By Ainin Wan Salleh, Free Malaysia Today (5 January 2022)
PETALING JAYA: An opposition MP has urged the government to allocate a minimum of RM400 million in its annual budget for climate change mitigation following the devastation caused by the recent floods.
Subang MP Wong Chen said half of the RM400 million could be used for scientific research and the other half for compensation to victims and projects to prevent floods, such as dredging clogged rivers and drains.
He said most of the amount could be raised from climate funds pledged by developed countries, although this would mean Putrajaya must be able to demonstrate that Malaysia was taking positive climate action.
“An area where we can do a lot of good is to control excessive logging and earn some carbon credits on retaining natural forests,” he told FMT. “We also need to manage our planted forests and natural forests better to minimise soil erosion and prevent flash floods.”

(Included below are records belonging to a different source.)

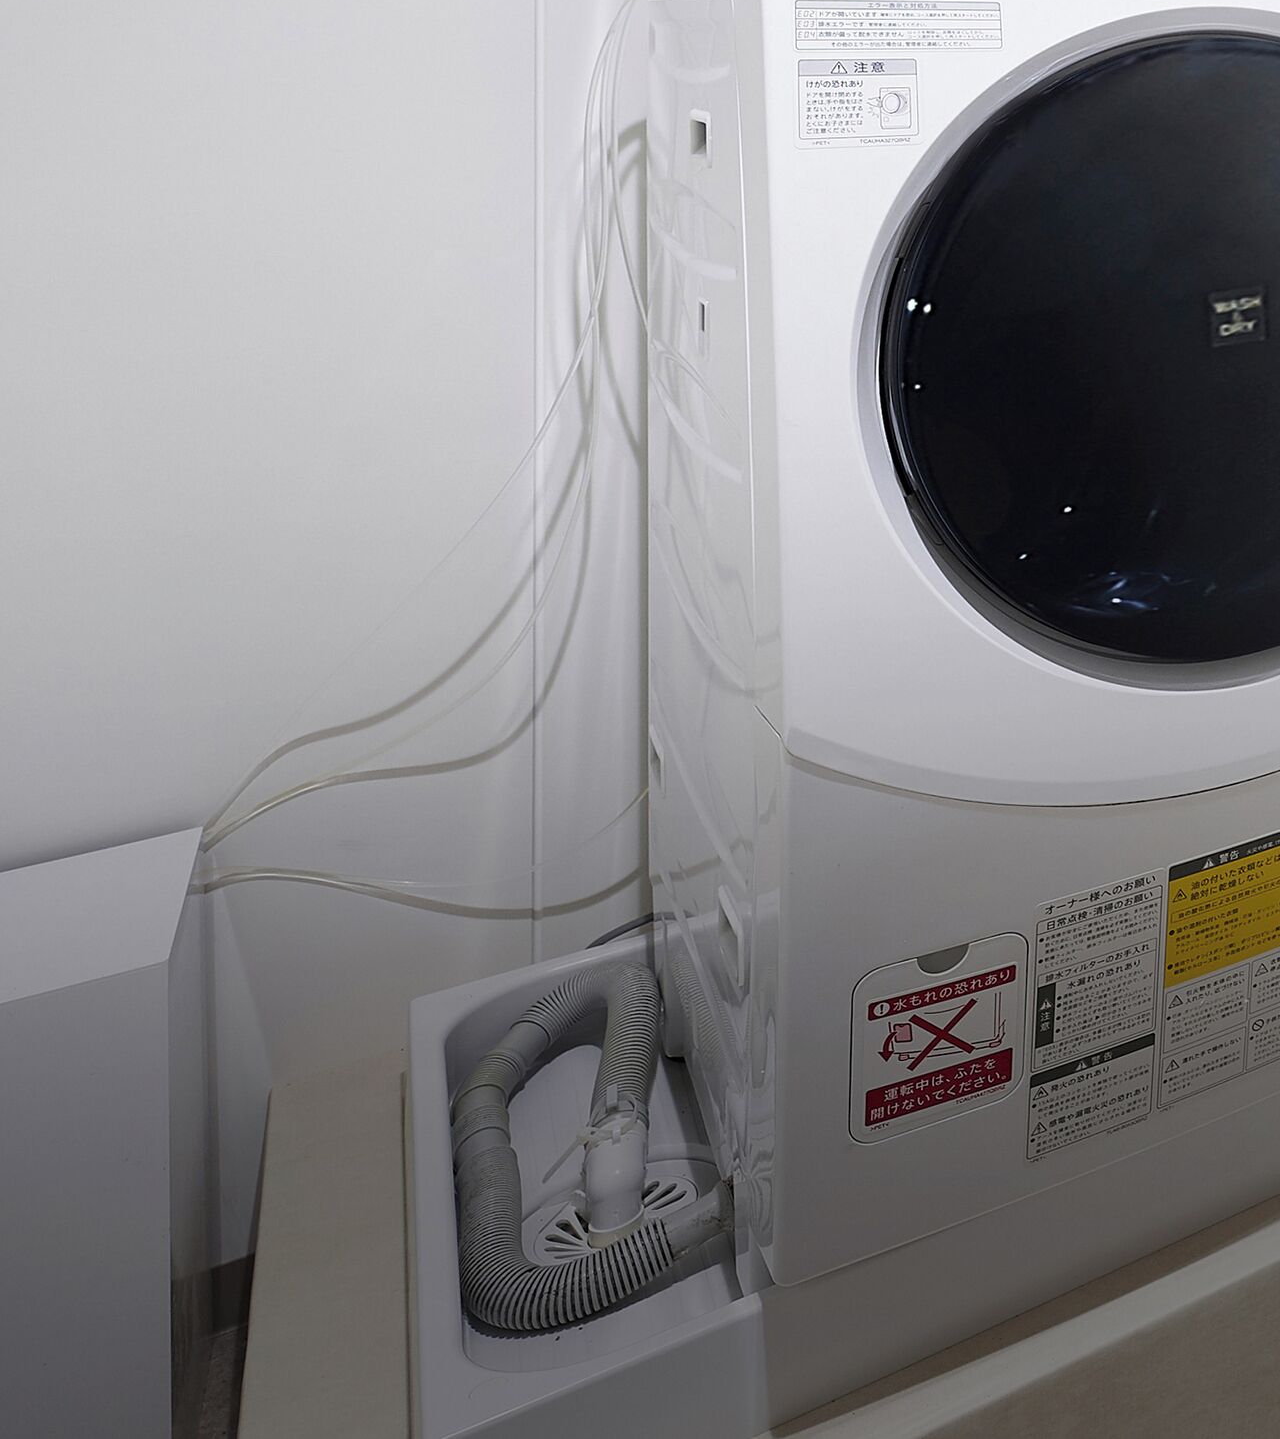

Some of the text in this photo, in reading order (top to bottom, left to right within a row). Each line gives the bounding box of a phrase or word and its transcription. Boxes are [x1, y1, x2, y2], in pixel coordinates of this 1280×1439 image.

[805, 80, 863, 88] けがの恐れあり
[853, 61, 886, 73] 注意
[1045, 875, 1156, 915] オーナー様へのお願い
[893, 969, 1011, 1012] 水もれの恐れあり
[870, 1074, 1007, 1121] 開けないでください。
[884, 1058, 996, 1102] 運転中は、ふたを

Asked how he derived the RM400 million figure, he said this was the number provided to him by government officers when he represented Malaysia at an Asean Inter-Parliamentary Assembly conference on climate change in 2019.
Wong, who is a PKR member, said Budget 2020 allocated RM450 million for various environmental programmes, but he noted that there was no specific fund for climate change.
“The government must have a specific budget item for climate change so that we can actually track and get clarity on the spending,” he said. “Not having one means we are not taking this as seriously as we should.”
He also said Malaysia might, by 2024, be ready for what he called “green budgeting” if Putrajaya were to reconfigure its environmental data collection this year.
Carmelo Ferlito of the Center for Market Education told FMT he believed both Budget 2022 and the 12th Malaysia Plan had a broad commitment to sustainability.
He said Malaysia should handle the issue of climate change in a non-ideological way by relying on competing panels of experts who would discuss not only the environmental targets but also its costs.
He acknowledged being apprehensive about the idea of green budgeting, saying it had to move in tandem with economic sustainability.
“A better approach is to incentivise research for solutions that look at sustainability from this perspective, environmentally and economically,” he said.